My word, but it’s so exciting. Not only am I now a meditation zealot I’m also a spreadsheet convert. Single-handedly, fuelled only by beer, Mr Hg has performed a miracle. I merely watched in awe (also fuelled by beer which explains why there are two bottles of each brew).
This is the “before” picture. They are carefully arranged, by Mr Hg, in order of strength. Apparently this allows one better to appreciate each flavour since the less alcohol there is the more delicate the savour.
For the first time in my entire life I have an overall grasp of my finances. This is of course a shameful state of affairs, never having had even the most palsied plucking at the matter previously, but as with so many things it is better late than never. Spreadsheets are really really useful things, I’ve discovered, with their clever “add up all the numbers” functions.

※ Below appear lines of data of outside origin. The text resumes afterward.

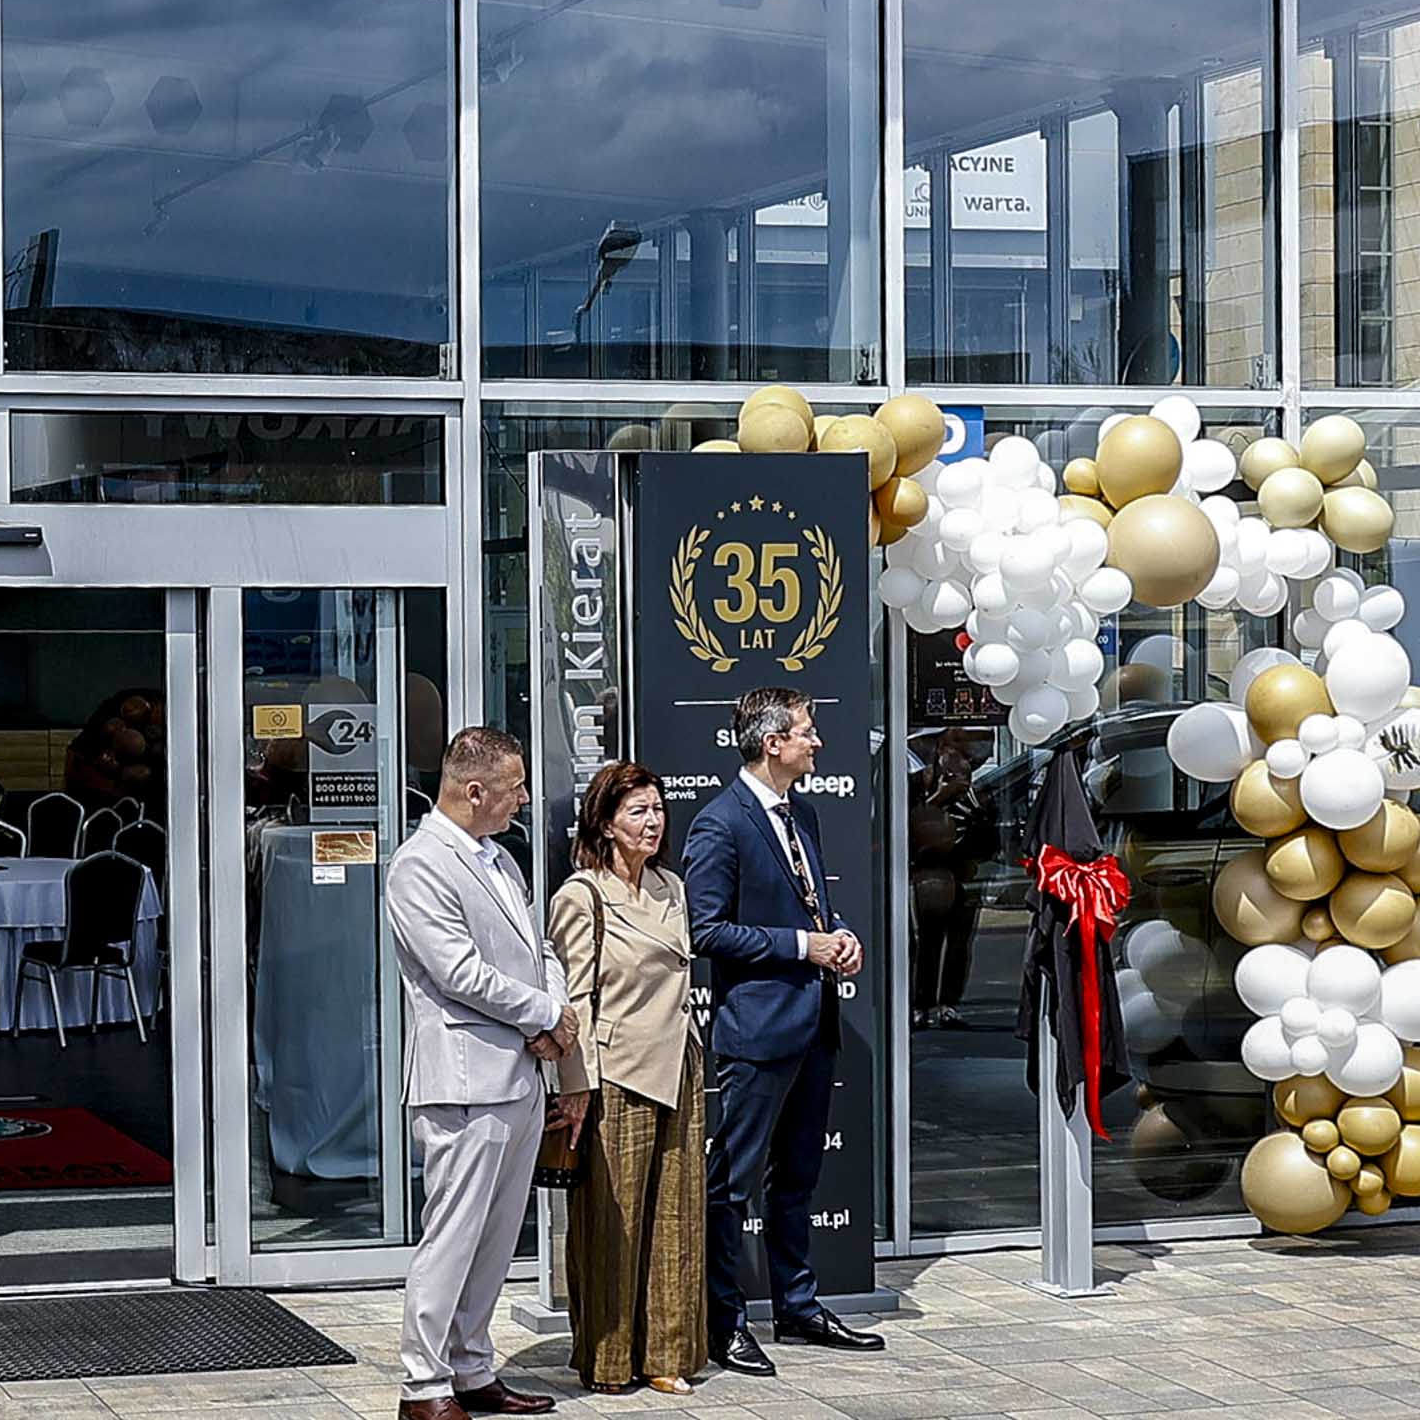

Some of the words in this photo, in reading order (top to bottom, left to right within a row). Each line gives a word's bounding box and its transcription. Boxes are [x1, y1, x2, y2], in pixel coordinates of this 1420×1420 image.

[713, 542, 801, 623] 35
[560, 512, 604, 680] Kierat
[740, 628, 776, 649] LAT
[338, 721, 372, 743] 24
[794, 773, 855, 797] Jeep

They also demonstrate all the
essential bits of gorgeousness that make life worth living readily dispensable expenditures where savings can be made. (“Do I really have to cancel the Tate membership?” “Yes” says Mr Hg sternly. I didn’t tell him about, and he didn’t discover, my shameful coffee secret which, I have just this moment worked out, actually cost the same as ten Tate memberships over one year. Does that have to go too? It does? Sigh.) What also became clear was that therapy, at a staggering equivalent of six Tate memberships each month is my biggest single outgoing. Get well before going bankrupt seems to be the moral of this spreadsheet.
Some things are easier than others to let go. Why, for instance, did I feel weepy when cancelling the two papers and one comic a week we’ve been having delivered for the last several years? I can only speculate as to how I shall feel when the last capsule of coffee is in the machine. Maybe it will be fine and I shall embrace the neglected stove-top pot without a backward glance.
It is extraordinary, and I find it shocking, that even at the cheapest outlet Maizy’s favourite dog treats cost £13.00 per kg compared to, say, parmesan cheese which weighs in at a mere £10 per kg. However rather than giving her cheese I could always try the snacks-for-humans produced by the same company which are a mere £3.50 per kg.
And the beer? Mr Hg, who is very tall and has hollow legs, got through all five of the different brews. I, who am neither tall nor hollow, managed three out of five which was pretty good going.
The Abbot ale was rather disappointing after the Bateman’s XXXB which was delicious. The Brakspear Triple was truly nectariferous as well as being loony juice at 7.2% ABV. I drank mine the next day and had to go for an extended rest afterwards.